Toplumsal olana gelmek için insan psikolojine sarkarak dolandırdığım kelamı kısa keseyim. Malum -bir türlü sıra gelmese de- anason kokulu yazılar yazma vazifesiyle arzı endam ediyorum bu sütunlarda. Doğrudan söylemem lazım ki içki yasakları da abesle iştigal makamından yasaklardan oldu. İktidarın toplum tahayyülünde bir karşılığı olsa da ramazan ayında durduk yere içki satışlarını patlattı. Aşırı vergiler nedeniyle erişilemez noktaya erişen içki ve özellikle rakı zaten bir arzu nesnesine dönüşmüşken, yasaklar bu nesneyi iyice kararttı.
Duble yol, asma köprü, saksı, kaldırım yapmaya alışmış betonperver iktidar kafası yıllardır soyunduğu toplum mühendisliğinde, kilit taşını yanlış yere koyduğunu anlamasa da yaşayarak tecrübe ediyor son demlerde. Kurmaya çalıştıkları ‘’ben yaptım oldu düzeni’’ için bile asgari düzeyde bir mevzuat ve hukuki altyapı lazım geldiğini unutuyorlar. Koskoca ülkenin yönetim şeklinin karşısına ‘’genelge’’ yazdıracak denli kilit taşını alttan, üstten, yandan desteklemeye çabalıyorlar. Ama kadim bir mühendislik bilgisidir kilit taşı; kemeri, kirişi, köprüyü ayakta tutar. Yanlış yere koyulduysa o yapı er geç yıkılır.

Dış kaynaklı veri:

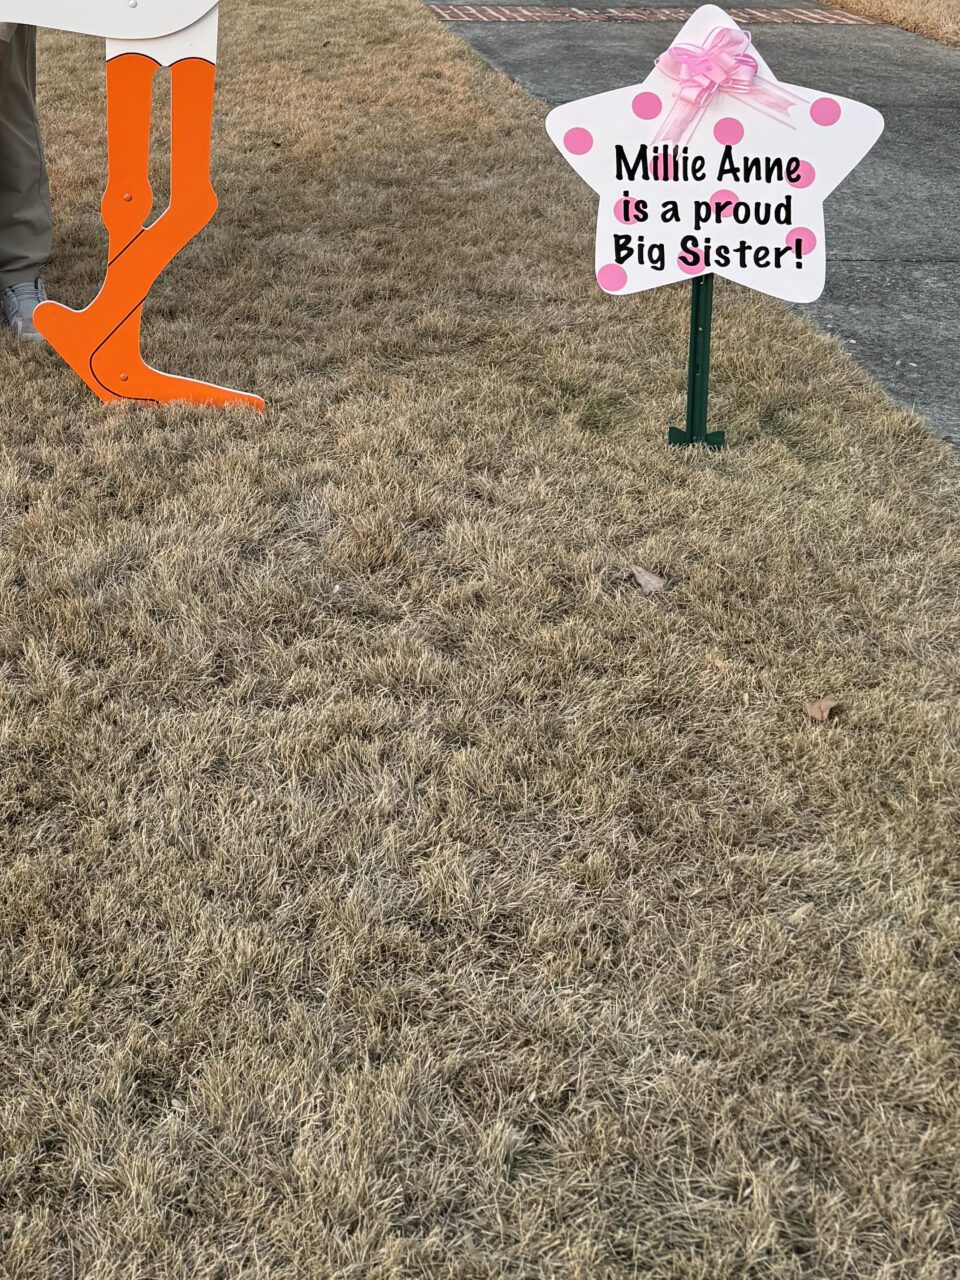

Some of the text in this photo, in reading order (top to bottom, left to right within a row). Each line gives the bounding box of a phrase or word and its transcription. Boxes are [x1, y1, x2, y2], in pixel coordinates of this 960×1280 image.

[614, 143, 802, 184] Millie Anne
[622, 190, 793, 231] is a proud
[613, 233, 804, 271] Big Sister!

Ellerine yüzlerine bulaştırdıkları içki yasaklarında da bunu gördük. ‘’Ne olacak on gün içmeseniz, ölür müsünüz?’’ diyerek pişkinliklerini serdettiler sırça köşklerinden. Meselenin on gün içmekle alakası olmadığını, İkizdere’deki itirazları da anlamadıkları gibi anlamadılar. Daha doğrusu anlamak işlerine gelmedi. Şimdilik kılıfına uydurarak muradlarına erdiler ermesine ama yükselen endişeli, kızgın ve politik rüzgârı da arkasına alan birkaç tekel bayisi, birkaç avukat hayli şaşırttı muktedirleri. 'Genelgeyle olmaz, içki satışı yasaldır, İl Hıfzısıhha Kurulları’nda sahte imza kullanılmış' diyerek kral çıplak dediler bir bakıma. Yarın öbür gün aynı şeyi başkalarının da söylemesinden de korktukları için helallik istiyorlar şimdi bizlerden. Bir yandan da içkili mekân açılmasını kolluk kuvvetlerinin inisiyatifine bırakacak bir düzenlemeyle vites yükselteceklerini gösteriyorlar bizlere. Önümüz yaz, yaşayıp göreceğiz.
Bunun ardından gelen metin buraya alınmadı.